Isso porque o aumento dos salários só será formalizado com a aprovação de um projeto de lei no Congresso, o que ainda não aconteceu. Com a medida provisória o Planalto garante o cumprimento da promessa aos militares até o próximo mês, e aposta na aprovação do projeto para oficializar o reajuste a partir de dezembro.
Mas a medida provisória trata de abonos salariais, e não de reajuste, então o acréscimo ao soldo nesses dois meses será feito de forma linear por patente. O problema é que, ao calcular o valor do abono, o governo utilizou um aumento de 13% sobre a média dos salários de cada patente, o que poderá fazer com que o valor fique inferior a esse percentual para alguns servidores e superior aos 13% para outros.
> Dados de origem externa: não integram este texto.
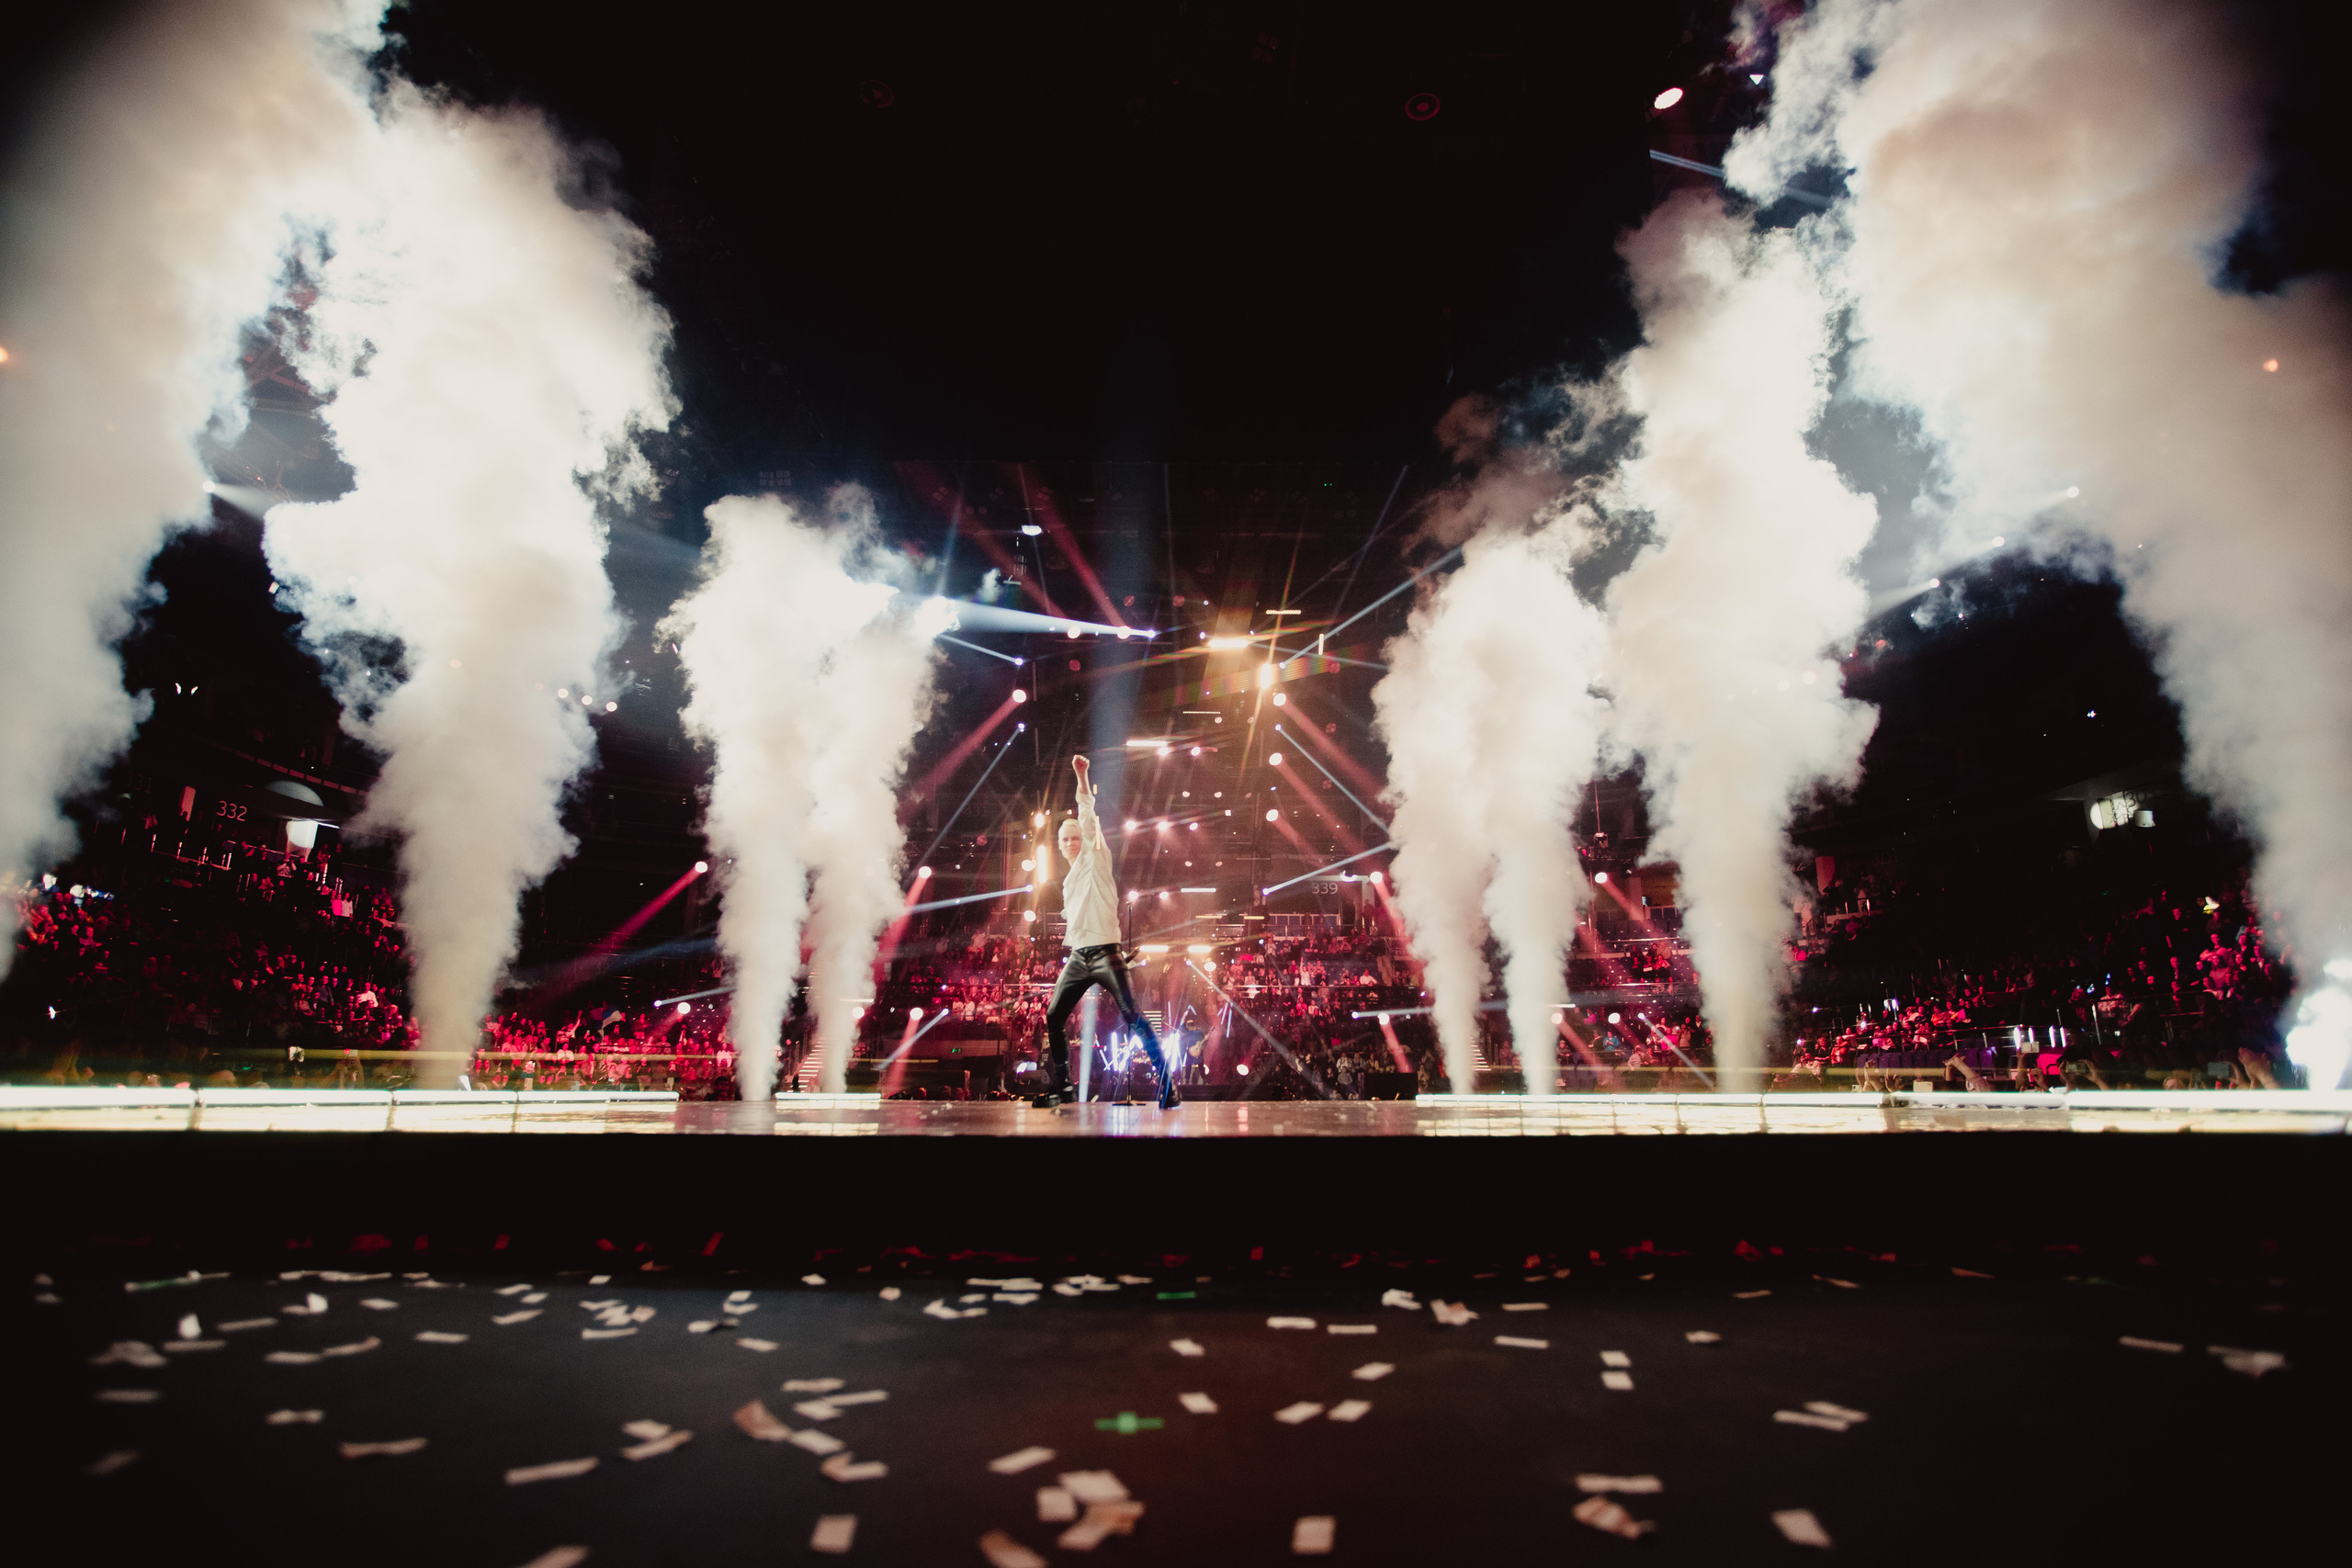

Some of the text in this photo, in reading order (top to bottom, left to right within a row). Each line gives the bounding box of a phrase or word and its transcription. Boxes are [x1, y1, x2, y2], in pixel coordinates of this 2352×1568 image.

De acordo com o Ministério da Defesa, no entanto, após a aprovação do projeto de lei que concederá reajuste aos militares das Forças Armadas, as diferenças serão acertadas caso a caso.
Os abonos definidos na medida provisória variam R$ 1.313,55 a R$ 1.511,21 para oficiais-generais, de R$ 845,35 a R$ 1.072,25 para oficiais superiores, de R$ 617,34 para oficiais intermediários, de R$ 526,56 a 445,92 para oficiais subalternos e de R$ 394,75 a R$ 22,06 para os demais militares, conforme a patente.
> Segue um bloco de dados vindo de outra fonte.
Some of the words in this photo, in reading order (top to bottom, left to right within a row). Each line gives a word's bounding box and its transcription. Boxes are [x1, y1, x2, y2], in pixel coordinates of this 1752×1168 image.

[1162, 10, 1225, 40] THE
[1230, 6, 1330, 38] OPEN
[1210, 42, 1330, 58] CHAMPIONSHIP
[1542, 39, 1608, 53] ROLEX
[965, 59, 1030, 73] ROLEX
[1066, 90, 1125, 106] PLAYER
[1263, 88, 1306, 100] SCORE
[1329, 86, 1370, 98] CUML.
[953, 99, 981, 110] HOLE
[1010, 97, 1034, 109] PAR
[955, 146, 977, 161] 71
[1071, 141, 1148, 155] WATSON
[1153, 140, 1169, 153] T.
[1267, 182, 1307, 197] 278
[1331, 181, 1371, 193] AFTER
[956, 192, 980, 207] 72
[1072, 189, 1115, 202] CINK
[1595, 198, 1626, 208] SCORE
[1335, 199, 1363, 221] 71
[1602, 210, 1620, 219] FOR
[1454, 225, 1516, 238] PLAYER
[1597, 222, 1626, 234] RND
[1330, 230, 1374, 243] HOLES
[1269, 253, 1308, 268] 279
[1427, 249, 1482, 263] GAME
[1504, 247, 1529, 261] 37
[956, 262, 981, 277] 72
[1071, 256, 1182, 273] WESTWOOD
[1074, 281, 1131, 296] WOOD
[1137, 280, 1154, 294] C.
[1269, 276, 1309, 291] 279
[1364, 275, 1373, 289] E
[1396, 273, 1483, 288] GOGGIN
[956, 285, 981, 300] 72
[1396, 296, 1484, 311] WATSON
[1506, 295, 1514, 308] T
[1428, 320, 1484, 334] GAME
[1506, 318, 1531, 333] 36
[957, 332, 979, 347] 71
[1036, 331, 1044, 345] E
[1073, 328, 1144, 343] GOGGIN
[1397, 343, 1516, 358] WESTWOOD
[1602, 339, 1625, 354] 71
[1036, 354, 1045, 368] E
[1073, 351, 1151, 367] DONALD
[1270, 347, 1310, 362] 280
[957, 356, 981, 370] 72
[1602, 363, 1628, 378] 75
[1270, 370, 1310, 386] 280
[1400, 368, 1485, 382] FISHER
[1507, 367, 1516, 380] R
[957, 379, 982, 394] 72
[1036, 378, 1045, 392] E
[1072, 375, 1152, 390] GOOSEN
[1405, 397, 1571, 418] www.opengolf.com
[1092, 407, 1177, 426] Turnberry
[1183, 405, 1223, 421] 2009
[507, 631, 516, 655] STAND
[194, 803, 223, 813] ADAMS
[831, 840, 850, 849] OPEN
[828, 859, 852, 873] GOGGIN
Além do reajuste de 13% a partir de outubro deste ano, o governo também prometeu aos militares um reajuste de 10% em agosto de 2006, o que também será definido por meio de projeto de lei após ajustes no orçamento para o próximo ano.
O governo estima que os reajustes dos militares terão um impacto de R$ 3,5 bilhões nas contas deste ano e de R$ 6 bilhões em 2006.